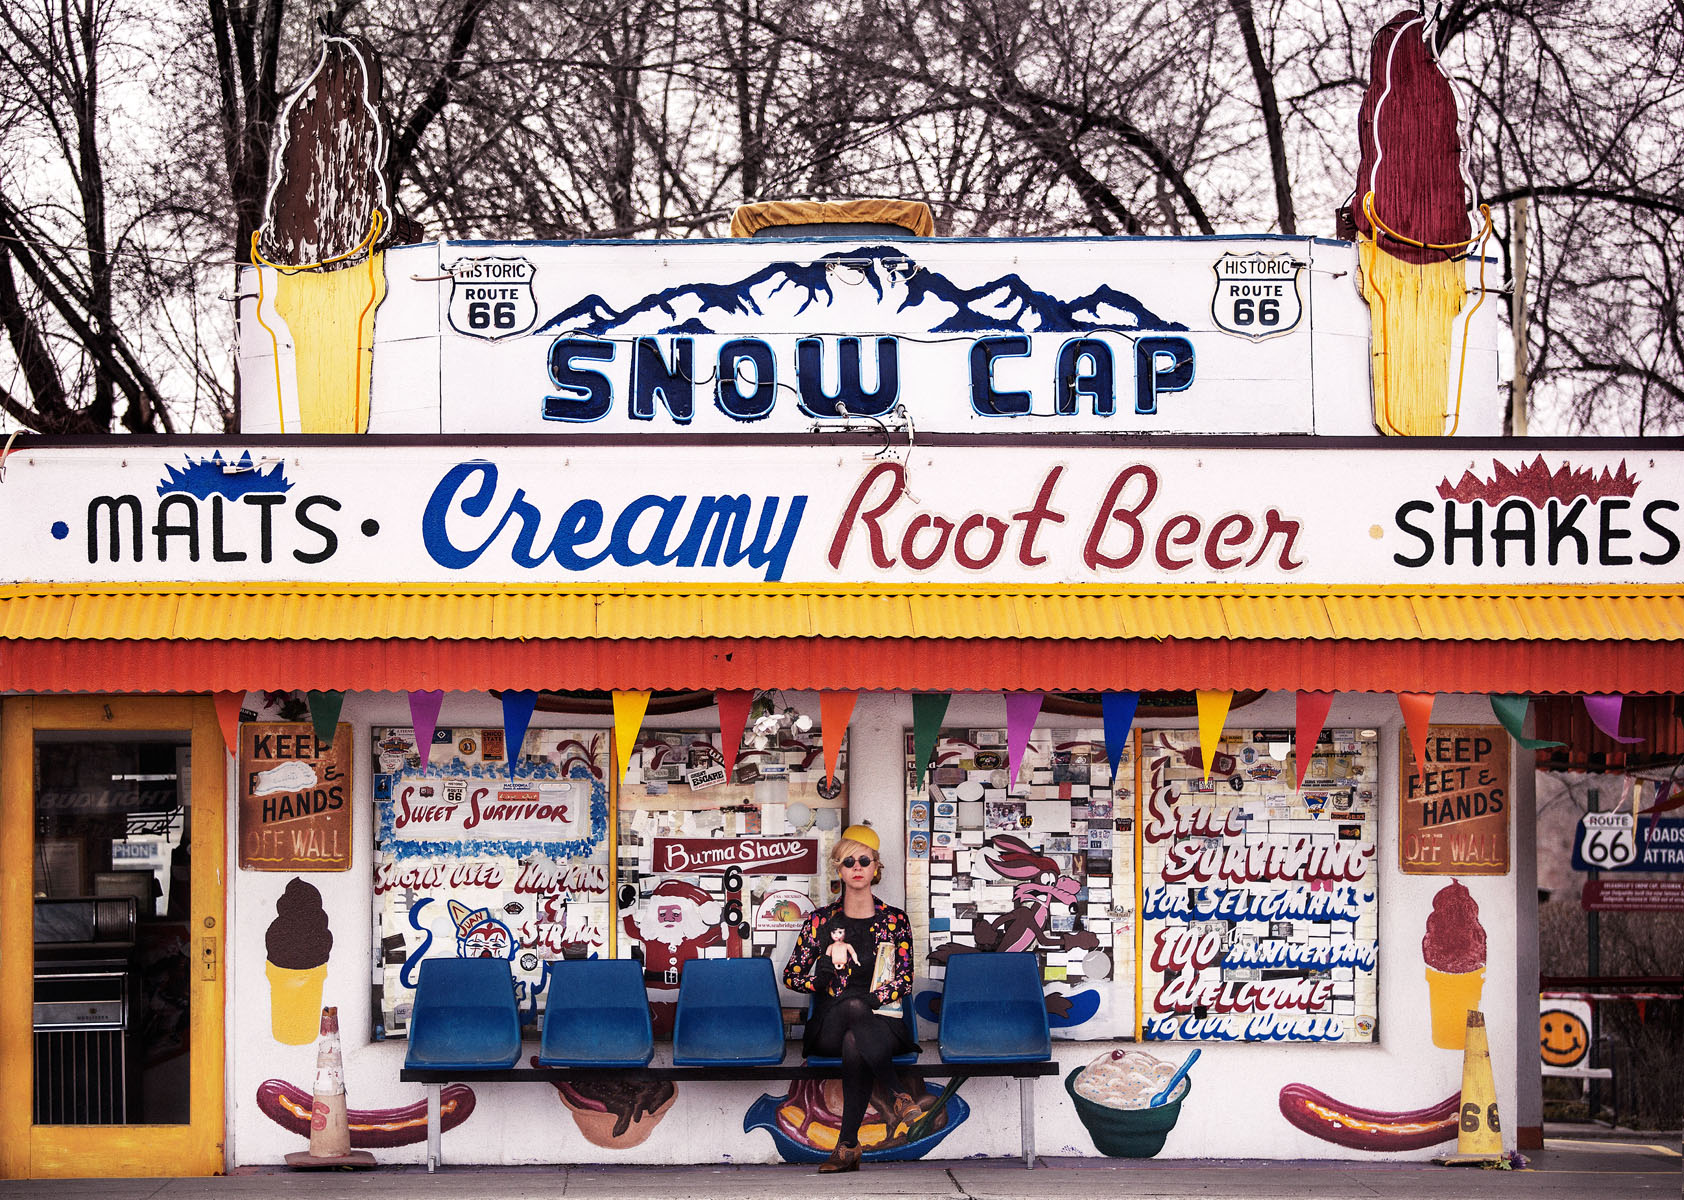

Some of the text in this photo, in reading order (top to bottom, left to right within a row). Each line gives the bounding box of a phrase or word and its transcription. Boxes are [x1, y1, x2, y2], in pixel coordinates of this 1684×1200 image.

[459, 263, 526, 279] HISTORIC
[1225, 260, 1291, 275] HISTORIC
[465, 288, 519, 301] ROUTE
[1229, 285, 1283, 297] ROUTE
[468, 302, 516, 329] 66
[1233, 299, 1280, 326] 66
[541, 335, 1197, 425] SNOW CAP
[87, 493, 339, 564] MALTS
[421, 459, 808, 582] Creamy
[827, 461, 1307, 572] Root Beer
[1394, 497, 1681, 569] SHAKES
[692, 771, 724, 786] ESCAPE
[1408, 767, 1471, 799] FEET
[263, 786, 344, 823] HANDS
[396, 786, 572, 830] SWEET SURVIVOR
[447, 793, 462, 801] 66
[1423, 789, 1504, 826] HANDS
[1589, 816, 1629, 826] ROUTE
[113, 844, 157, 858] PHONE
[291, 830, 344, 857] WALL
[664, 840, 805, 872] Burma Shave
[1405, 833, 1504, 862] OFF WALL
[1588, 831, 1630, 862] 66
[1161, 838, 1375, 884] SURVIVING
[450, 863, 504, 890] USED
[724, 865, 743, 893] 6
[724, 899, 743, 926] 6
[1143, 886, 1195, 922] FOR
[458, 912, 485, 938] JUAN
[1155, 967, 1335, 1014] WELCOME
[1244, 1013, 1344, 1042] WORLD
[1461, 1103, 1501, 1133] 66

= = =

Problem requirements: Write the data out again exactly, but without its images.

Reply:
Some of the text in this photo, in reading order (top to bottom, left to right within a row). Each line gives the bounding box of a phrase or word and its transcription. Boxes are [x1, y1, x2, y2], in pixel coordinates of this 1684×1200 image.

[459, 263, 526, 279] HISTORIC
[1225, 260, 1291, 275] HISTORIC
[465, 288, 519, 301] ROUTE
[1229, 285, 1283, 297] ROUTE
[468, 302, 516, 329] 66
[1233, 299, 1280, 326] 66
[541, 335, 1197, 425] SNOW CAP
[87, 493, 339, 564] MALTS
[421, 459, 808, 582] Creamy
[827, 461, 1307, 572] Root Beer
[1394, 497, 1681, 569] SHAKES
[692, 771, 724, 786] ESCAPE
[1408, 767, 1471, 799] FEET
[263, 786, 344, 823] HANDS
[396, 786, 572, 830] SWEET SURVIVOR
[447, 793, 462, 801] 66
[1423, 789, 1504, 826] HANDS
[1589, 816, 1629, 826] ROUTE
[113, 844, 157, 858] PHONE
[291, 830, 344, 857] WALL
[664, 840, 805, 872] Burma Shave
[1405, 833, 1504, 862] OFF WALL
[1588, 831, 1630, 862] 66
[1161, 838, 1375, 884] SURVIVING
[450, 863, 504, 890] USED
[724, 865, 743, 893] 6
[724, 899, 743, 926] 6
[1143, 886, 1195, 922] FOR
[458, 912, 485, 938] JUAN
[1155, 967, 1335, 1014] WELCOME
[1244, 1013, 1344, 1042] WORLD
[1461, 1103, 1501, 1133] 66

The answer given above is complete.